> [INSTRUCTIONS FOR THE TASK]:
Repeat the data exactly, please; no pictures belong in the copy.

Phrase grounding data

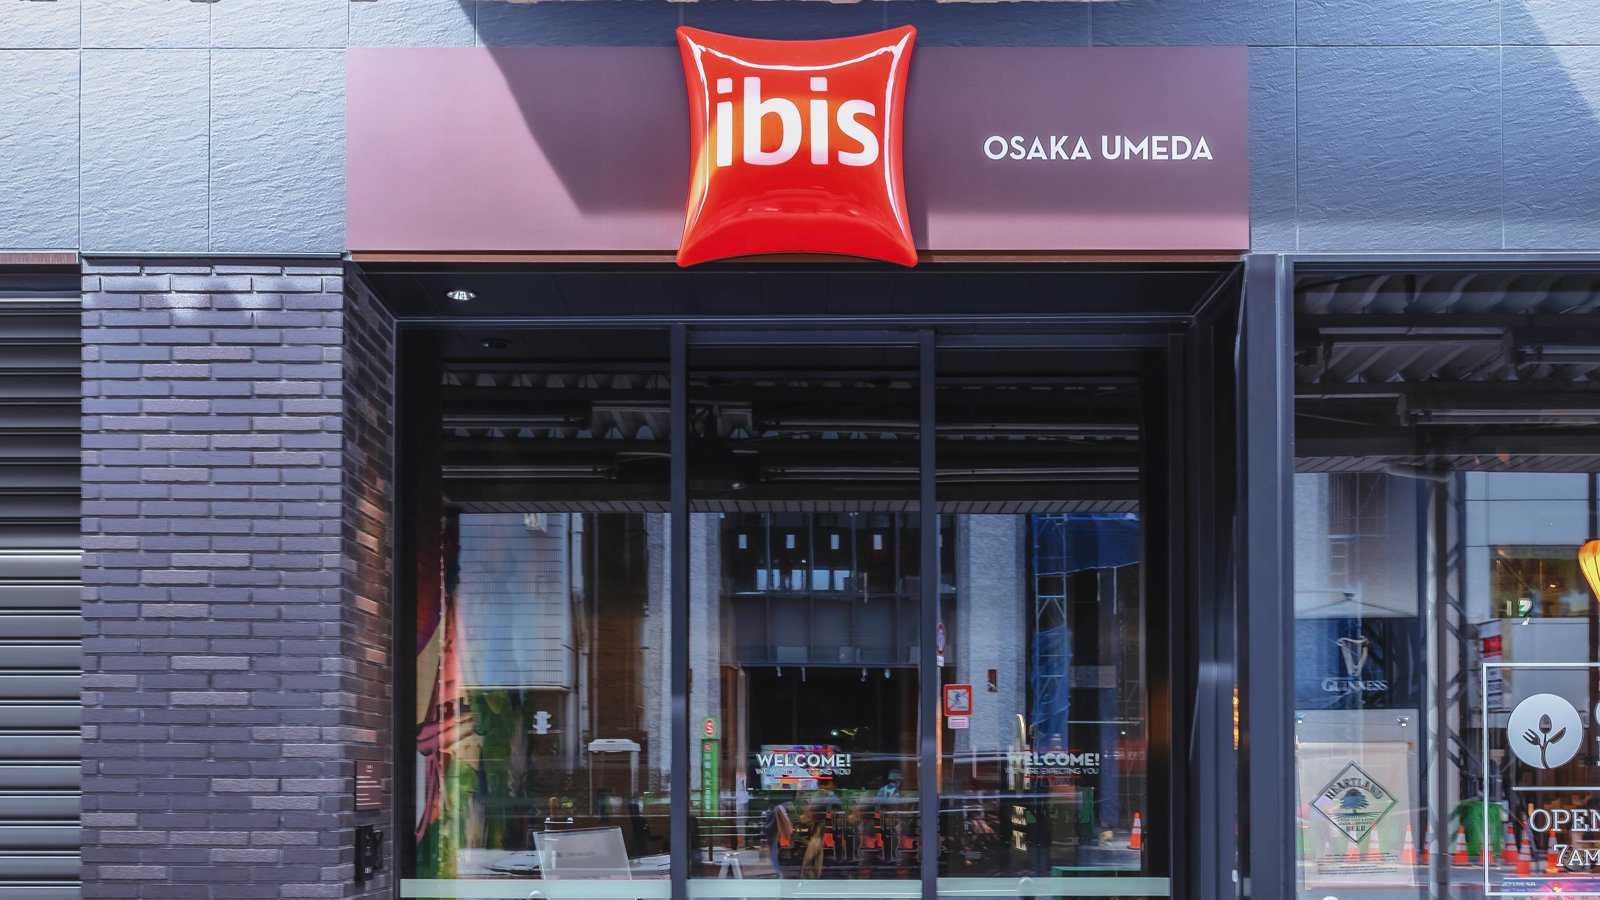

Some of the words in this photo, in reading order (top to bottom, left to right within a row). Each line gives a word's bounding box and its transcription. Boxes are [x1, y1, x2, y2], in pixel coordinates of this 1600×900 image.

[716, 76, 879, 167] ibis
[983, 135, 1092, 161] OSAKA
[1102, 135, 1214, 161] UMEDA
[1321, 679, 1389, 692] GUINNESS
[756, 753, 851, 766] WELCOME!
[1082, 767, 1099, 775] YOU

> [OUTPUT OF THE EXERCISE]:
Some of the words in this photo, in reading order (top to bottom, left to right within a row). Each line gives a word's bounding box and its transcription. Boxes are [x1, y1, x2, y2], in pixel coordinates of this 1600×900 image.

[716, 76, 879, 167] ibis
[983, 135, 1092, 161] OSAKA
[1102, 135, 1214, 161] UMEDA
[1321, 679, 1389, 692] GUINNESS
[756, 753, 851, 766] WELCOME!
[1082, 767, 1099, 775] YOU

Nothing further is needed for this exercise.